Yes, Putin’s actions have been very bad for people living in Ukraine—and for Russian soldiers deployed there. And we’re not looking at Bush-sized strategic blunders. But you have to set a very low bar in order to see these developments as some kind of magnificent victory for Moscow.
In essence, you have to think that the United States only ‘wins’ when it gets pretty much every outcome that it prefers. In the complex and capricious arena of international politics, that’s rather unrealistic. Indeed, it’s a dangerous way to approach foreign policy.
Spot on. I think the gap between perceptions and reality is also a key reason for why Putin has embarked on this strategy at the international level: the myth of Putin as the heroic figure who stemmed the Western advance and restored Russia to greatness is what compelled him to escalate the conflict in Ukraine further and further, because backing down would’ve undercut his domestic legitimacy even when it would’ve been smarter from a national interest perspective. Though he appears not so much concerned about future credibility rather than his personal power.
I have seen this argument made in a number of places and it misses one very important point: Purchasing Power Parity in defence. For example, an Su-34 (currently active over Syria) reportedly costs about $37 million as of 2014. Further, virtually of it is sourced from within the Russian federation so it is insulated from currency movements. On that basis Russia can buy three Su-34s for every F-35, Typhoon or Rafale the European country purchases. Now apply the same thing across the Russian defence industry and consider the pay differential.
This goes a long way to explaining why Russia is able to maintain a much larger force structure than any European country currently does and with a very balanced set of defence capabilities.
I’m not sure about the figures, but I suspect that you’re right. The comparisons I draw are crude—but they should drive home a basic point: the underlying balance of mobilization potential is much less favorable to the Russians, even without throwing the US into the mix. Most of the barriers in Germany, France, and the UK are political.
And don’t forget that Russia’s military-industrial complex lags in indigenous production of defense electronics and other key aspects of contemporary warfare; there’s a reason why they were buying key components—and even systems—from Europe.
If Purchasing Power Parity (PPP) counts for defense spending than it also counts for other forms of spending. This is why the insistence that Russia’s economy is smaller than California’s, or worse yet Italy’s, are basically absurd. How much of California’s ‘GDP’ is basically paper assets such as the bloated value of Apple stock, vs. Russian hard assets in the ground and the world’s largest country? How about Russia’s population being three times that of California and 1.8 times that of Italy factoring into the equation?

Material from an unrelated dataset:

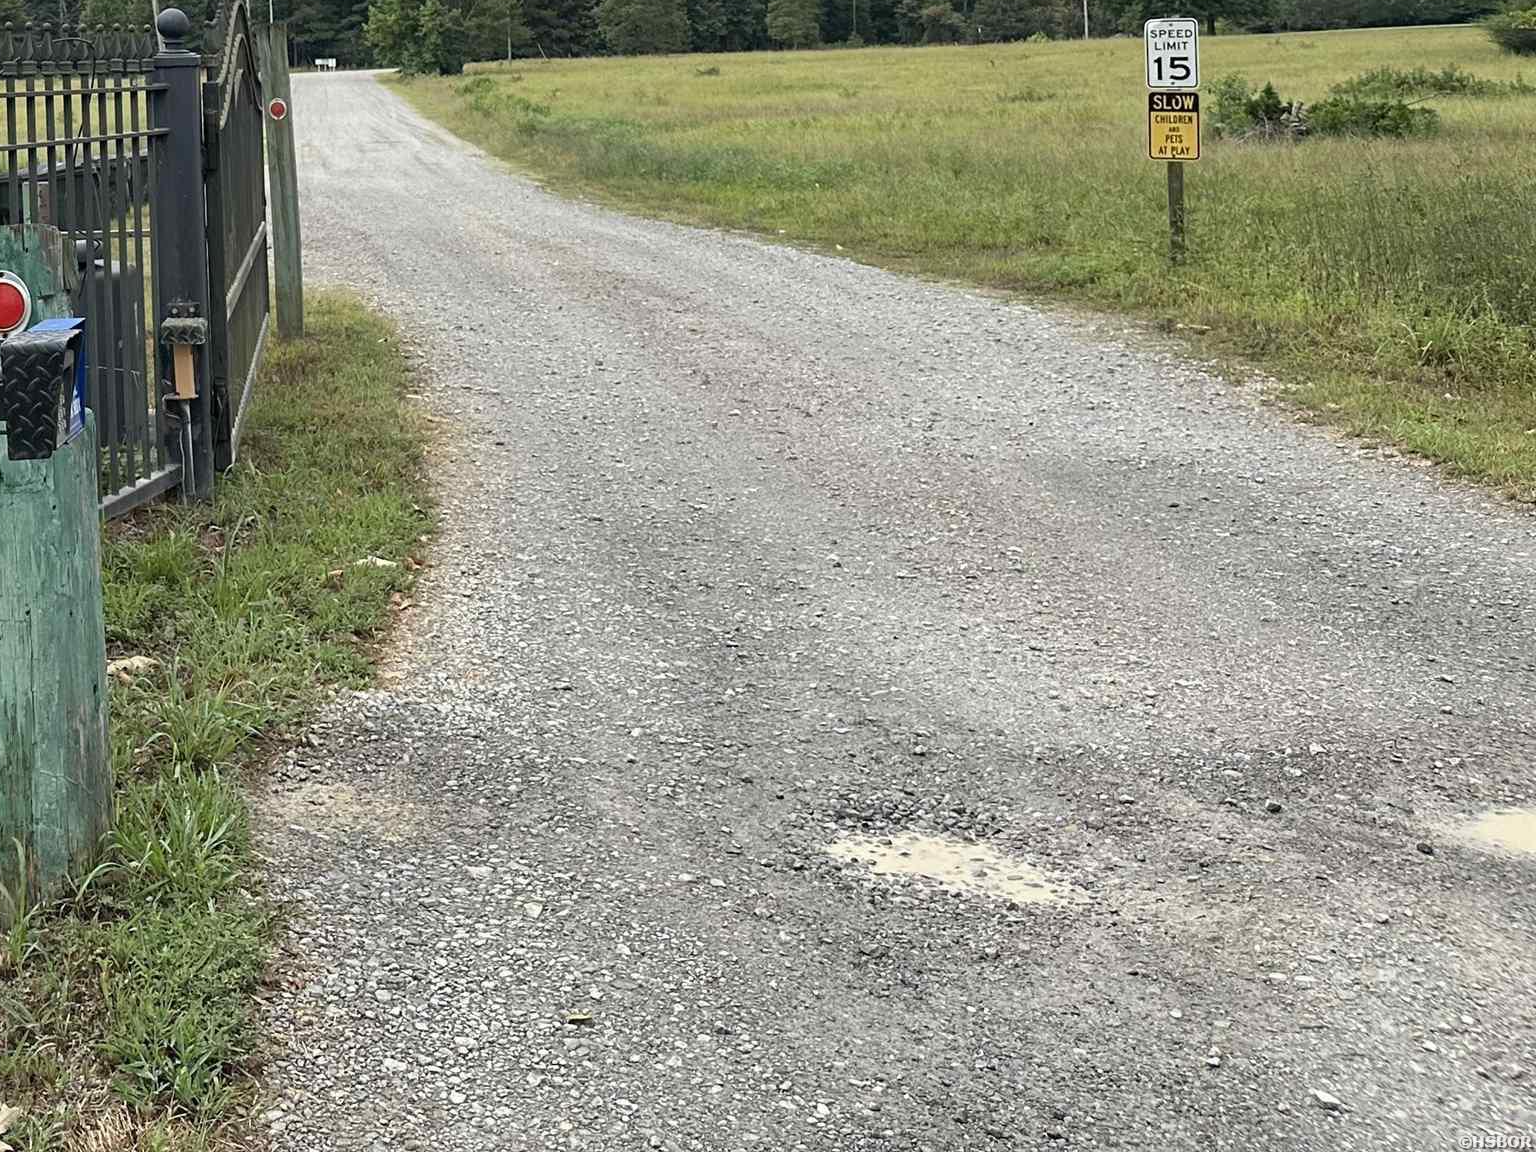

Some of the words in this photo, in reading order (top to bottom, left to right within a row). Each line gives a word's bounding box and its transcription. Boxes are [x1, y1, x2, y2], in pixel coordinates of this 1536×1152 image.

I’ve seen reliable figures that place Russian per capita GDP (but one would say per capita is overweighted by Moscow having until recently more billionaire oligarchs than any city) at a respectable 27,000 per year, or better than several ex-Warsaw Pact NATO states and not too far behind ex-Soviet state Lithuania and fair-sized Slavic neighbor Poland. I’ve also seen some cynics suggest if oil prices rise by as little as $7-$10 per barrel as the result of the Syria turmoil the dollar cost of Russia’s bombing campaign and associated base security pays for itself, though that may be an overestimate. The Saudis are maintaining production flat out as are the Russians but both sides have reserves and unlike Saudi Arabia Russia has things to export, like grain and weapons, other than hydrocarbons and imams. Even if one believes the Saudis drove down the oil price to hurt Russia and get them to reconsider their rock solid and deepening support for Assad or his chosen successor, the Kingdom’s resources are not unlimited. The Saudis are also finding out that while US TOWs can kill Syrian Arab Army (SAA) soldiers in Syria Saudi soldiers can die on Saudi soil from old Soviet ATGMs in Iran’s arsenal in the hands of Houthis and Yemeni tribesmen. Although some here may see Saudis dying while KSA tries to bleed Syria by proxy is a feature and not a bug, the Saudis are corrupt but not stupid. They are not going to keep bleeding and dying indefinitely or even experience brazen Houthi attacks deep inside the Kingdom just to satisfy U.S. neocons or neoliberals desperate to turn Syria into a second Afghanistan now that Putin didn’t take the bait in Ukraine.
Incidentally, the general public may be dumbed down and barely paying attention, but thanks to the Internet people do notice when we have glossy full color photographs of Russian jets on the tarmac in Syria and crappy, below Google Earth grade black and white shots of what look like combine harvesters as ‘proof’ #RussiaInvadedUkraine. Ditto for the fanatical refusal of the U.S. to release any satellite pics of a Russian BUK in eastern Ukraine before or after MH17 was shot down. I would have thought they could’ve at least released some slightly modified versions to protect those holy sources and methods, but no, we have to trust that some guy sitting in England in his underwear using photos helpfully supplied by the Ukrainian SBU (the same SBU that said the separatists were planning to build a dirty bomb in their basements) for America’s MH17 proof. And we wonder why Putin is seen as the good guy or at least the chessplayer who’s outfoxed America at every turn? When will our policy stop being so stupid and our propaganda start making sense? Al-Nusra front last I checked was designated by the State Dept. as a terrorist group and all this whining about how ISIS is 100 kms away doesn’t change the fact that Al-Nusra swore allegiance to Al-Qaeda and they’re arm and arm one building over from ‘our’ CIA trained or TOW armed jihadists.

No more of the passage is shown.